The important/odd one is "tip". These are lines that match their raw texts, but
have different annotations.

The concern I have is that there are far too many of them. It is sort of an
indication of when both sides of the branch have the same changes, but different
annotations. (people applying the same patch?) I think the problem is that it
propagates. So each time it gets merged we get a new tip. For example:

A
|\
B C
|\|\
D E F
| |/
G H
|/
I

If B and C introduce the same text, then it will get updated to be marked 'E'
when they are merged. So far not bad. Except when we get to 'H' it will get
marked with 'H' because 'E != F'. Then when we get to 'I' we will again mark it
with 'I' because 'B != H'.

I seem to remember we had a problem like this with our general merge algorithm,
and the only way we had to solve it was using a "heads()" check. So that you
would see that 'E' is descended from 'C', so 'H' should automatically resolve to
keep 'E', as should 'I'.

So why does this annotation churn matter? Because it ends up causing us to spend
a lot more time comparing lines that otherwise would be considered identical.

On a bigger file with 2.6k revisions and about 1.2k merges, I get:

unchanged: 8363598
new: 	      2667
empty:       77801
left:       243009
right:      294698
tip:       1385106

'time bzr annotate --show-ids' takes 1m4s.

If I change the resolution algorithm to always pick the left parent (rather than
using tip), the time drops to 23s.
So by themselves, these lines are causing our annotate algorithm to slow down by 3x.

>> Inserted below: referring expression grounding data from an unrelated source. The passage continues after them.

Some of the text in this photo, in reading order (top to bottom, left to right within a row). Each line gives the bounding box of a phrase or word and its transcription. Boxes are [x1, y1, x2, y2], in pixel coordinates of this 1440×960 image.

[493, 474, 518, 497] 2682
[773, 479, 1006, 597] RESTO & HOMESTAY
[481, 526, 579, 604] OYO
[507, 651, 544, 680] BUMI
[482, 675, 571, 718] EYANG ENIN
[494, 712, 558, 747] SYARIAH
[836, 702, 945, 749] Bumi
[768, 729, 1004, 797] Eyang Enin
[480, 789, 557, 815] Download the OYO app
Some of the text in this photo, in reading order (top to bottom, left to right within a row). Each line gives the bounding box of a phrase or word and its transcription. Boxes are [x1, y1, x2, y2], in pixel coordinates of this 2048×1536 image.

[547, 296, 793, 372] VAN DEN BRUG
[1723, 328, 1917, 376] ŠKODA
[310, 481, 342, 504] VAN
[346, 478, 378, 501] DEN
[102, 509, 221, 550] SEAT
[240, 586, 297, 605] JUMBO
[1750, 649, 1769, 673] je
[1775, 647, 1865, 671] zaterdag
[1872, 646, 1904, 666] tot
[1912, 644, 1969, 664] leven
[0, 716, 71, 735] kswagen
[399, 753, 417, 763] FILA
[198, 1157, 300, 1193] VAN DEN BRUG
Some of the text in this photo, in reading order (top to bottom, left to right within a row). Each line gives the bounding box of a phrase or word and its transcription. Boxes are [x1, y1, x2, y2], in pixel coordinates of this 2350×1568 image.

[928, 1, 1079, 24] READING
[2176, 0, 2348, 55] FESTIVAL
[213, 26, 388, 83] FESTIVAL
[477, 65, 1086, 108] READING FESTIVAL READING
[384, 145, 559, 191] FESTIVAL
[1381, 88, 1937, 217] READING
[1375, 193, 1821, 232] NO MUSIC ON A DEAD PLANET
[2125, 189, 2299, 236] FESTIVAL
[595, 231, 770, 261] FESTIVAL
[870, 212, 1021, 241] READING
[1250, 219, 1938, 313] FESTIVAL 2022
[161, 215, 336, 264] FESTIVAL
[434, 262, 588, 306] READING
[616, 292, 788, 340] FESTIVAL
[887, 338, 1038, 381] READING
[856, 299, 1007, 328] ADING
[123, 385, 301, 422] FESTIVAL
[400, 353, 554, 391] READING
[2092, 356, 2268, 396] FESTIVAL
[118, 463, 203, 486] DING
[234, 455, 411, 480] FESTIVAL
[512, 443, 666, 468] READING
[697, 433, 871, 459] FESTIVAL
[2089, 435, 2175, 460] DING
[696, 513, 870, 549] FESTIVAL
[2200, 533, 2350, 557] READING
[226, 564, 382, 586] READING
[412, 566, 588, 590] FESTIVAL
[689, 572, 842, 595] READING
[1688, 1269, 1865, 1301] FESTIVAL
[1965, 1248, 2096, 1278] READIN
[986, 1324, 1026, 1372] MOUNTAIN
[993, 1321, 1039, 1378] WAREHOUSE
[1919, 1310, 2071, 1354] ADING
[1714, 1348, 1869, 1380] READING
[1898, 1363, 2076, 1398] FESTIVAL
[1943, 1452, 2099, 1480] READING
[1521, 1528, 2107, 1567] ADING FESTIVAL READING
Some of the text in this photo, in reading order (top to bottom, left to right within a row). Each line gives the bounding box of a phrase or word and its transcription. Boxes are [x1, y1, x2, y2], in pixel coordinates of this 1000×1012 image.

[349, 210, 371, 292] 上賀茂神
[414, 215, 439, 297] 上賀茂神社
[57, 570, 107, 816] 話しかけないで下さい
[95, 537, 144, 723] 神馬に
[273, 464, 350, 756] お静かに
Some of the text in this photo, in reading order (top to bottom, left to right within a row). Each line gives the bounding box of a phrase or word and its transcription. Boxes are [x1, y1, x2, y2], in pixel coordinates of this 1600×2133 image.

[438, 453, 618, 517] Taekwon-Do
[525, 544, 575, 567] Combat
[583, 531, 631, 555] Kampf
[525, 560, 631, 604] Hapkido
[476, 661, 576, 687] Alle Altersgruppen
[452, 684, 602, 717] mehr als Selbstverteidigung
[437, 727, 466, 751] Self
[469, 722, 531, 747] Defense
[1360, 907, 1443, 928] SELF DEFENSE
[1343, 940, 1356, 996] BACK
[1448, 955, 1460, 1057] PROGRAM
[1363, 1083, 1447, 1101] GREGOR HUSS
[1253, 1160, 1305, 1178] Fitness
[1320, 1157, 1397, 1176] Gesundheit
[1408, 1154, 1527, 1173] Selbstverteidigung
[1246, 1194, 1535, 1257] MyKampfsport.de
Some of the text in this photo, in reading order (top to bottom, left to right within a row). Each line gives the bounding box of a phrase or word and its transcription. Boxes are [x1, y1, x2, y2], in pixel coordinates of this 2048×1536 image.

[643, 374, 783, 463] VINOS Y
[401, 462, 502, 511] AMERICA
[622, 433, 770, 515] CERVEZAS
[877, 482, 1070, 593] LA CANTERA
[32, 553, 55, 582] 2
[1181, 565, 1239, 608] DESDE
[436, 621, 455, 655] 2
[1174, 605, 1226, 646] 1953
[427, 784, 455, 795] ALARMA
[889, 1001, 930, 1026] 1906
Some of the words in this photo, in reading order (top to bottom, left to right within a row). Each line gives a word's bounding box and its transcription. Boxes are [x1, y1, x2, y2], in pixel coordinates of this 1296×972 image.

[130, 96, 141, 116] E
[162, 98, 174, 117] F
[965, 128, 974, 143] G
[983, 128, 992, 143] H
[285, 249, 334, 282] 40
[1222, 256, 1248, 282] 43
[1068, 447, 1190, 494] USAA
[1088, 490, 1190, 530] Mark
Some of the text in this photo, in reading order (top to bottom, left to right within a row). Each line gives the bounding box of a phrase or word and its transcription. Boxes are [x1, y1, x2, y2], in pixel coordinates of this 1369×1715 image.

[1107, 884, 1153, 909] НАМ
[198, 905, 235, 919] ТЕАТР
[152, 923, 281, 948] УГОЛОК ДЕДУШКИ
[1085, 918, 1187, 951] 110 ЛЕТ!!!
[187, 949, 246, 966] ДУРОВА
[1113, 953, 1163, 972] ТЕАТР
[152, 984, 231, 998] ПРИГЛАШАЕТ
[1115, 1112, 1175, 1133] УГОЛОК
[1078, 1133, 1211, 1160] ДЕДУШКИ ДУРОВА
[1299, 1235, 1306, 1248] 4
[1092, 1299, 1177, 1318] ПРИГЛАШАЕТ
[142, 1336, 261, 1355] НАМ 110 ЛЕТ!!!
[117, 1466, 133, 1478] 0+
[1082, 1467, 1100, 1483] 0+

I'll try using heads() though I'm not sure it is exposed easily down at this
level :(. I'm a little concerned that all the heads calls are going to kill
performance. But I guess we only have to do it for lines that seem to claim 2
parents.

John
=:->
-----BEGIN PGP SIGNATURE-----
Version: GnuPG v1.4.5 (Cygwin)
Comment: Using GnuPG with Mozilla - http://enigmail.mozdev.org

iD8DBQFHs3gyJdeBCYSNAAMRAkEkAJ9oexOGkuBTNe1CBGg7I6+PWsyDgACgzGIh
Fp4pbUJdUWq8ODoIB+45Gu8=
=JGm9
-----END PGP SIGNATURE-----